(PROBLEM STATEMENT):
What you return must match the records below exactly, down to each character.

(SUPPLIED RECORDS):
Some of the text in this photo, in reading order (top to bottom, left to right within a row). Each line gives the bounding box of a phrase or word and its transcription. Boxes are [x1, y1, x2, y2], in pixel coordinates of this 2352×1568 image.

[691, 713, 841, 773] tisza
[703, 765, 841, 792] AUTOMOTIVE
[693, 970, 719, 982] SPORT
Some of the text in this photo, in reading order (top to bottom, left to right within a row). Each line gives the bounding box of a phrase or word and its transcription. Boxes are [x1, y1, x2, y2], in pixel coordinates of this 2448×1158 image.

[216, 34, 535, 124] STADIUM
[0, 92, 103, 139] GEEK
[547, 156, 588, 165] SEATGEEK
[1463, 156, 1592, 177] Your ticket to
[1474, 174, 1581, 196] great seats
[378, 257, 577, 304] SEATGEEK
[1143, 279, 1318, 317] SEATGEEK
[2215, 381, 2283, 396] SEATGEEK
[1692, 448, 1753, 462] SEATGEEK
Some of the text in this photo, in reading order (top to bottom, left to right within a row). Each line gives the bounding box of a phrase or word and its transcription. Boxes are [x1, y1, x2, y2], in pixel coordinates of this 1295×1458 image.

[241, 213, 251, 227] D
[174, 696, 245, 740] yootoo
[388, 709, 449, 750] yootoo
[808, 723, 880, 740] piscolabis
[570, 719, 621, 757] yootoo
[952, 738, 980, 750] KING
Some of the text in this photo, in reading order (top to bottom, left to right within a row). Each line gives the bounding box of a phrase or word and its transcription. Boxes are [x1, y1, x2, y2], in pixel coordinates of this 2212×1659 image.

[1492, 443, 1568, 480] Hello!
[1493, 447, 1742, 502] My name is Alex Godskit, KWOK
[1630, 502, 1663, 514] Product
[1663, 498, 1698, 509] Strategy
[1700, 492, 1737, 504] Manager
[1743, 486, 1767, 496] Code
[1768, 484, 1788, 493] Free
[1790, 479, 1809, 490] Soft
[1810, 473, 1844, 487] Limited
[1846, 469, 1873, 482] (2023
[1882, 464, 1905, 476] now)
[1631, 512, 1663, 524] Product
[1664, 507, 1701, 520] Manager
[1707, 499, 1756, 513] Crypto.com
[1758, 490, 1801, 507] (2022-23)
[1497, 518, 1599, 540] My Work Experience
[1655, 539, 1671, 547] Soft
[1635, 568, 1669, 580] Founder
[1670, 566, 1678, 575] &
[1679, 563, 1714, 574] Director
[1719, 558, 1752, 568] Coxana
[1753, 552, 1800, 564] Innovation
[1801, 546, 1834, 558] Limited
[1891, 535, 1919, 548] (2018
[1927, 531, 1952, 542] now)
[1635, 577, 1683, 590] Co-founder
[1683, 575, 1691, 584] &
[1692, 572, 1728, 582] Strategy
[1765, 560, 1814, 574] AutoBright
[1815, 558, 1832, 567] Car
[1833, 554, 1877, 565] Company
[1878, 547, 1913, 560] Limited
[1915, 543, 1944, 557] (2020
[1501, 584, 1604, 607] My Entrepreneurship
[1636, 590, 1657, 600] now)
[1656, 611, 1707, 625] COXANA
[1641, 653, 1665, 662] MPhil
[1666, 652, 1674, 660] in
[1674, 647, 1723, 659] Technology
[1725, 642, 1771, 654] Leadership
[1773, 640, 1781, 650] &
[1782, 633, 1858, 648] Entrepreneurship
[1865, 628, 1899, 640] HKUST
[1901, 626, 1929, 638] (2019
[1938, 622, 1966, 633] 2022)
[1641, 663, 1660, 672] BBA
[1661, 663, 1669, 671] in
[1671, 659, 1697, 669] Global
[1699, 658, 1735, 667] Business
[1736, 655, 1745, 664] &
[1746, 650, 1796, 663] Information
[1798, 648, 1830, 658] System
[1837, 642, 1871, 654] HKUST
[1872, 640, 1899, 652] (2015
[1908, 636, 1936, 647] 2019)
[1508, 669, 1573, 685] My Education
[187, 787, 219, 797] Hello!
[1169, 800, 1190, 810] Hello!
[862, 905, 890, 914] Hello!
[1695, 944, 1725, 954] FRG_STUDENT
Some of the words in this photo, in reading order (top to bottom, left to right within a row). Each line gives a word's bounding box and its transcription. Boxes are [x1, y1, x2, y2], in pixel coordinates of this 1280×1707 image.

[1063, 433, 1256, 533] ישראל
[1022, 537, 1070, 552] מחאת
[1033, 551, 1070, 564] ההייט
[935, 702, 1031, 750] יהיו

(RESULT OF THIS TASK):
Some of the text in this photo, in reading order (top to bottom, left to right within a row). Each line gives the bounding box of a phrase or word and its transcription. Boxes are [x1, y1, x2, y2], in pixel coordinates of this 2352×1568 image.

[691, 713, 841, 773] tisza
[703, 765, 841, 792] AUTOMOTIVE
[693, 970, 719, 982] SPORT
Some of the text in this photo, in reading order (top to bottom, left to right within a row). Each line gives the bounding box of a phrase or word and its transcription. Boxes are [x1, y1, x2, y2], in pixel coordinates of this 2448×1158 image.

[216, 34, 535, 124] STADIUM
[0, 92, 103, 139] GEEK
[547, 156, 588, 165] SEATGEEK
[1463, 156, 1592, 177] Your ticket to
[1474, 174, 1581, 196] great seats
[378, 257, 577, 304] SEATGEEK
[1143, 279, 1318, 317] SEATGEEK
[2215, 381, 2283, 396] SEATGEEK
[1692, 448, 1753, 462] SEATGEEK
Some of the text in this photo, in reading order (top to bottom, left to right within a row). Each line gives the bounding box of a phrase or word and its transcription. Boxes are [x1, y1, x2, y2], in pixel coordinates of this 1295×1458 image.

[241, 213, 251, 227] D
[174, 696, 245, 740] yootoo
[388, 709, 449, 750] yootoo
[808, 723, 880, 740] piscolabis
[570, 719, 621, 757] yootoo
[952, 738, 980, 750] KING
Some of the text in this photo, in reading order (top to bottom, left to right within a row). Each line gives the bounding box of a phrase or word and its transcription. Boxes are [x1, y1, x2, y2], in pixel coordinates of this 2212×1659 image.

[1492, 443, 1568, 480] Hello!
[1493, 447, 1742, 502] My name is Alex Godskit, KWOK
[1630, 502, 1663, 514] Product
[1663, 498, 1698, 509] Strategy
[1700, 492, 1737, 504] Manager
[1743, 486, 1767, 496] Code
[1768, 484, 1788, 493] Free
[1790, 479, 1809, 490] Soft
[1810, 473, 1844, 487] Limited
[1846, 469, 1873, 482] (2023
[1882, 464, 1905, 476] now)
[1631, 512, 1663, 524] Product
[1664, 507, 1701, 520] Manager
[1707, 499, 1756, 513] Crypto.com
[1758, 490, 1801, 507] (2022-23)
[1497, 518, 1599, 540] My Work Experience
[1655, 539, 1671, 547] Soft
[1635, 568, 1669, 580] Founder
[1670, 566, 1678, 575] &
[1679, 563, 1714, 574] Director
[1719, 558, 1752, 568] Coxana
[1753, 552, 1800, 564] Innovation
[1801, 546, 1834, 558] Limited
[1891, 535, 1919, 548] (2018
[1927, 531, 1952, 542] now)
[1635, 577, 1683, 590] Co-founder
[1683, 575, 1691, 584] &
[1692, 572, 1728, 582] Strategy
[1765, 560, 1814, 574] AutoBright
[1815, 558, 1832, 567] Car
[1833, 554, 1877, 565] Company
[1878, 547, 1913, 560] Limited
[1915, 543, 1944, 557] (2020
[1501, 584, 1604, 607] My Entrepreneurship
[1636, 590, 1657, 600] now)
[1656, 611, 1707, 625] COXANA
[1641, 653, 1665, 662] MPhil
[1666, 652, 1674, 660] in
[1674, 647, 1723, 659] Technology
[1725, 642, 1771, 654] Leadership
[1773, 640, 1781, 650] &
[1782, 633, 1858, 648] Entrepreneurship
[1865, 628, 1899, 640] HKUST
[1901, 626, 1929, 638] (2019
[1938, 622, 1966, 633] 2022)
[1641, 663, 1660, 672] BBA
[1661, 663, 1669, 671] in
[1671, 659, 1697, 669] Global
[1699, 658, 1735, 667] Business
[1736, 655, 1745, 664] &
[1746, 650, 1796, 663] Information
[1798, 648, 1830, 658] System
[1837, 642, 1871, 654] HKUST
[1872, 640, 1899, 652] (2015
[1908, 636, 1936, 647] 2019)
[1508, 669, 1573, 685] My Education
[187, 787, 219, 797] Hello!
[1169, 800, 1190, 810] Hello!
[862, 905, 890, 914] Hello!
[1695, 944, 1725, 954] FRG_STUDENT
Some of the words in this photo, in reading order (top to bottom, left to right within a row). Each line gives a word's bounding box and its transcription. Boxes are [x1, y1, x2, y2], in pixel coordinates of this 1280×1707 image.

[1063, 433, 1256, 533] ישראל
[1022, 537, 1070, 552] מחאת
[1033, 551, 1070, 564] ההייט
[935, 702, 1031, 750] יהיו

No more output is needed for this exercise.